Not sure what kind of magic opnsense is doing with RA-RDNSS but it has been successfully providing the gateway IPv6 address as DNS server to all our clients (Linux, Windows, Android).

Opnsense unbound is setup to redirects internal domain queries to our DNS server and everything else to Google servers.

It has been working really well so far, but I wanted to switch to vyos because I personally prefer linux over freebsd.

Opnsense doesn’t do anything particularly unusual with RDNSS. It just adds the IPv6 address of its LAN interface(s) to the RDNSS broadcast. This works perfectly well if you have a static (or at least very stable) prefix.

Given that you have a stable prefix, you could emulate this behavior in VyOS simply by manually copying the VyOS router’s LAN-side IPv6 address into the configuration. (i.e. set service router-advert interface hn1 name-server <VyOS LAN IPv6 Address>.

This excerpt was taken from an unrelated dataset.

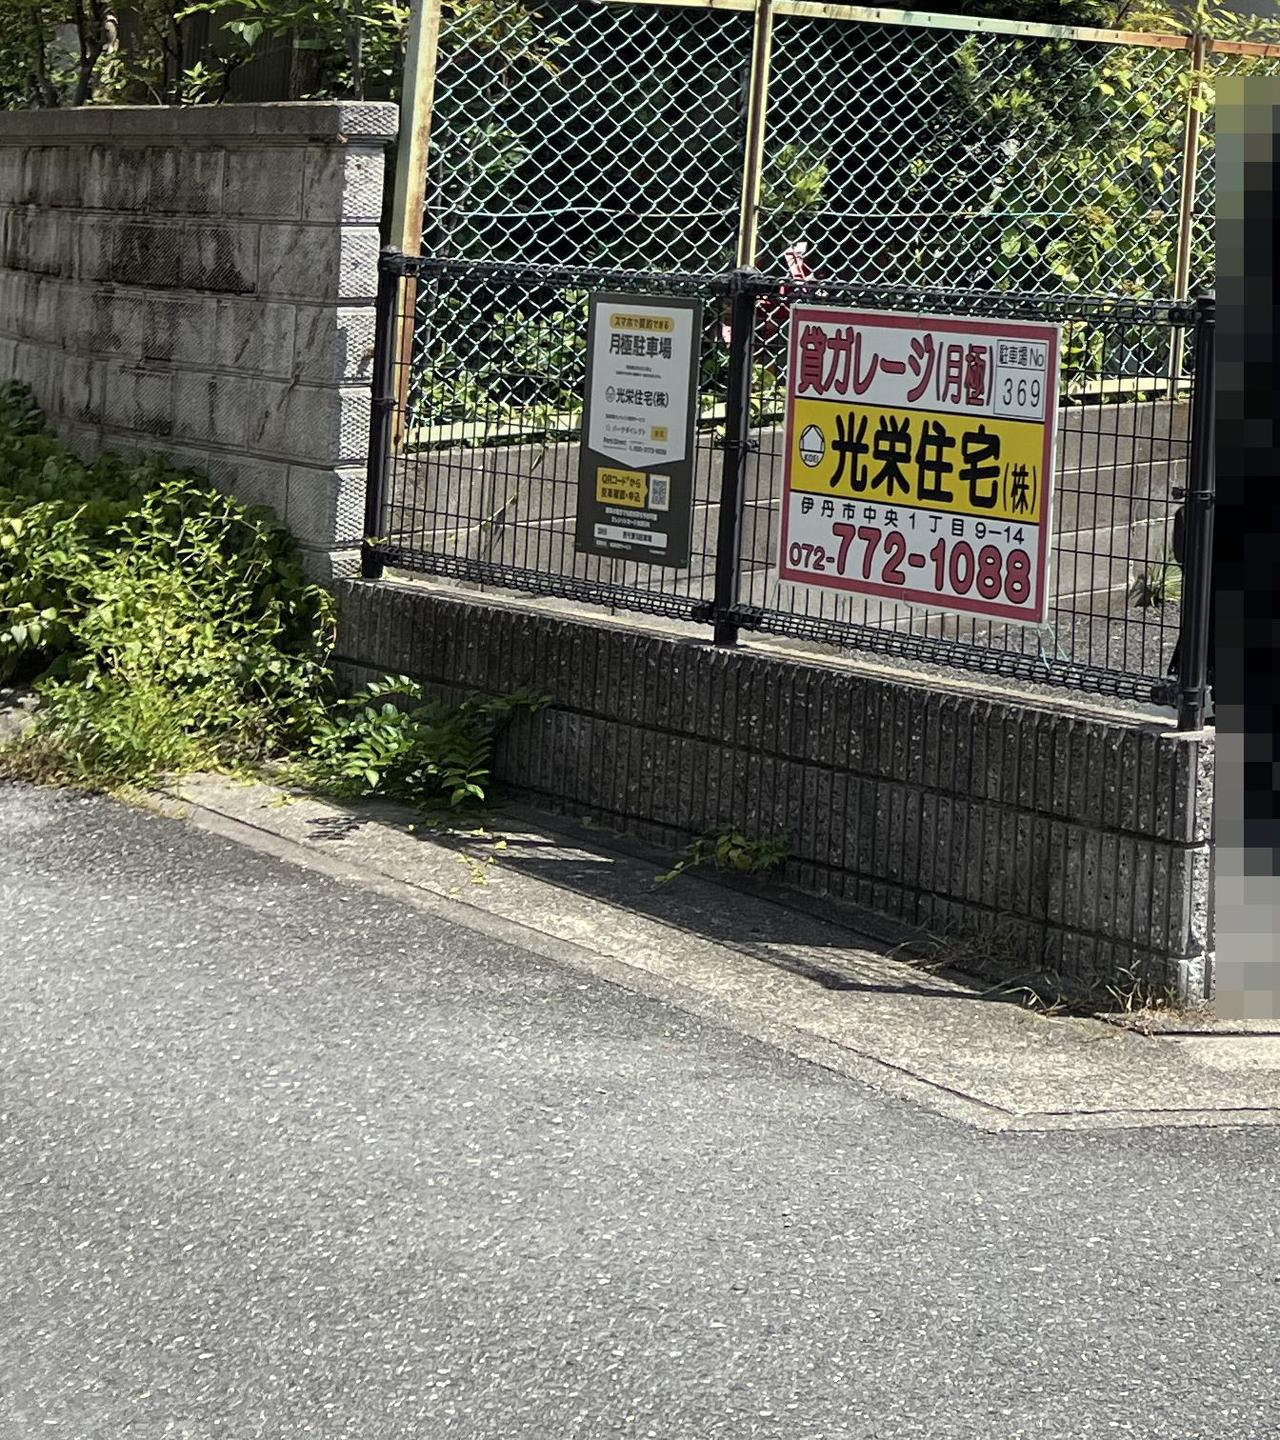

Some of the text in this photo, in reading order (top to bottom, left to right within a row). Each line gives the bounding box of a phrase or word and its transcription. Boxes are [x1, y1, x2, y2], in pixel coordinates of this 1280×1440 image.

My experience with Opnsense RDNSS is that it will break when the upstream prefix changes. RDNSS updates do not propagate to the clients in a timely fashion, which means that, following a prefix change, DNS lookups become very slow as clients time out on DNS-over-IPv6 requests before falling back to IPv4 DNS announced by DHCP.

IPv6 handling on all of the software router distributions is pretty awful in one way or another.